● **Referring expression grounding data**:
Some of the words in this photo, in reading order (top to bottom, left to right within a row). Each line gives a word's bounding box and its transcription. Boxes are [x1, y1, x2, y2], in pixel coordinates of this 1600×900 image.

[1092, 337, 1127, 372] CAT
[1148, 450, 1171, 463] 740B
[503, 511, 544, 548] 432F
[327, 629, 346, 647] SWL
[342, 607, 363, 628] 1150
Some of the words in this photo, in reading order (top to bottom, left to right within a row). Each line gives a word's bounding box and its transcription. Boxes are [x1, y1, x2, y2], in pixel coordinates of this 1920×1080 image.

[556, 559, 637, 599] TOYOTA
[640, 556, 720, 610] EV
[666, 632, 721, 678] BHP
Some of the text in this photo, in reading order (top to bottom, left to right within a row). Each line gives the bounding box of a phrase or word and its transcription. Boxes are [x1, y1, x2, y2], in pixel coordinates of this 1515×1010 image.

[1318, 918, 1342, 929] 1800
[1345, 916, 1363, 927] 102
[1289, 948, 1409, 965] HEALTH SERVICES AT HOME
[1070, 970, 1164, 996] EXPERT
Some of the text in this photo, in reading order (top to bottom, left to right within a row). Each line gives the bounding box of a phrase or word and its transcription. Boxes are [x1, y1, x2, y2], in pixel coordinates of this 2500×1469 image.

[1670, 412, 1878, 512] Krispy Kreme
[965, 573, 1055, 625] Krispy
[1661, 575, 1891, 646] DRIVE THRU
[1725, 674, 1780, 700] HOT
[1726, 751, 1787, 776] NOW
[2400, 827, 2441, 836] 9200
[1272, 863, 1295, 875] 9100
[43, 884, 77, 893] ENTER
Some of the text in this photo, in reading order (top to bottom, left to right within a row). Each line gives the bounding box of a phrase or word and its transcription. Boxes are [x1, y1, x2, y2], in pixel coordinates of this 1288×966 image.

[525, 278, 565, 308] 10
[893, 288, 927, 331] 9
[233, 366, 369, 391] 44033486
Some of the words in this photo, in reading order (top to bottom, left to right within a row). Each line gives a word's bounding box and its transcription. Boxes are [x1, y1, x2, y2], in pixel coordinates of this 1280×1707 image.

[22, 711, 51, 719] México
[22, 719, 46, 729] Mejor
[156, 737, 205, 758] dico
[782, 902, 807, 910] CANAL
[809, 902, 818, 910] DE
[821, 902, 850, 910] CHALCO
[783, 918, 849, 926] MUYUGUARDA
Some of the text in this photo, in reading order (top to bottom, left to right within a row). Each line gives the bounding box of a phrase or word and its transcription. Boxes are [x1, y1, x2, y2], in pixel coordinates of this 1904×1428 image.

● **Your instructions**:
Nothing but an exact copy of the records belongs in the answer.

● **Exercise output**:
Some of the words in this photo, in reading order (top to bottom, left to right within a row). Each line gives a word's bounding box and its transcription. Boxes are [x1, y1, x2, y2], in pixel coordinates of this 1600×900 image.

[1092, 337, 1127, 372] CAT
[1148, 450, 1171, 463] 740B
[503, 511, 544, 548] 432F
[327, 629, 346, 647] SWL
[342, 607, 363, 628] 1150
Some of the words in this photo, in reading order (top to bottom, left to right within a row). Each line gives a word's bounding box and its transcription. Boxes are [x1, y1, x2, y2], in pixel coordinates of this 1920×1080 image.

[556, 559, 637, 599] TOYOTA
[640, 556, 720, 610] EV
[666, 632, 721, 678] BHP
Some of the text in this photo, in reading order (top to bottom, left to right within a row). Each line gives the bounding box of a phrase or word and its transcription. Boxes are [x1, y1, x2, y2], in pixel coordinates of this 1515×1010 image.

[1318, 918, 1342, 929] 1800
[1345, 916, 1363, 927] 102
[1289, 948, 1409, 965] HEALTH SERVICES AT HOME
[1070, 970, 1164, 996] EXPERT
Some of the text in this photo, in reading order (top to bottom, left to right within a row). Each line gives the bounding box of a phrase or word and its transcription. Boxes are [x1, y1, x2, y2], in pixel coordinates of this 2500×1469 image.

[1670, 412, 1878, 512] Krispy Kreme
[965, 573, 1055, 625] Krispy
[1661, 575, 1891, 646] DRIVE THRU
[1725, 674, 1780, 700] HOT
[1726, 751, 1787, 776] NOW
[2400, 827, 2441, 836] 9200
[1272, 863, 1295, 875] 9100
[43, 884, 77, 893] ENTER
Some of the text in this photo, in reading order (top to bottom, left to right within a row). Each line gives the bounding box of a phrase or word and its transcription. Boxes are [x1, y1, x2, y2], in pixel coordinates of this 1288×966 image.

[525, 278, 565, 308] 10
[893, 288, 927, 331] 9
[233, 366, 369, 391] 44033486
Some of the words in this photo, in reading order (top to bottom, left to right within a row). Each line gives a word's bounding box and its transcription. Boxes are [x1, y1, x2, y2], in pixel coordinates of this 1280×1707 image.

[22, 711, 51, 719] México
[22, 719, 46, 729] Mejor
[156, 737, 205, 758] dico
[782, 902, 807, 910] CANAL
[809, 902, 818, 910] DE
[821, 902, 850, 910] CHALCO
[783, 918, 849, 926] MUYUGUARDA
Some of the text in this photo, in reading order (top to bottom, left to right within a row). Each line gives the bounding box of a phrase or word and its transcription. Boxes are [x1, y1, x2, y2], in pixel coordinates of this 1904×1428 image.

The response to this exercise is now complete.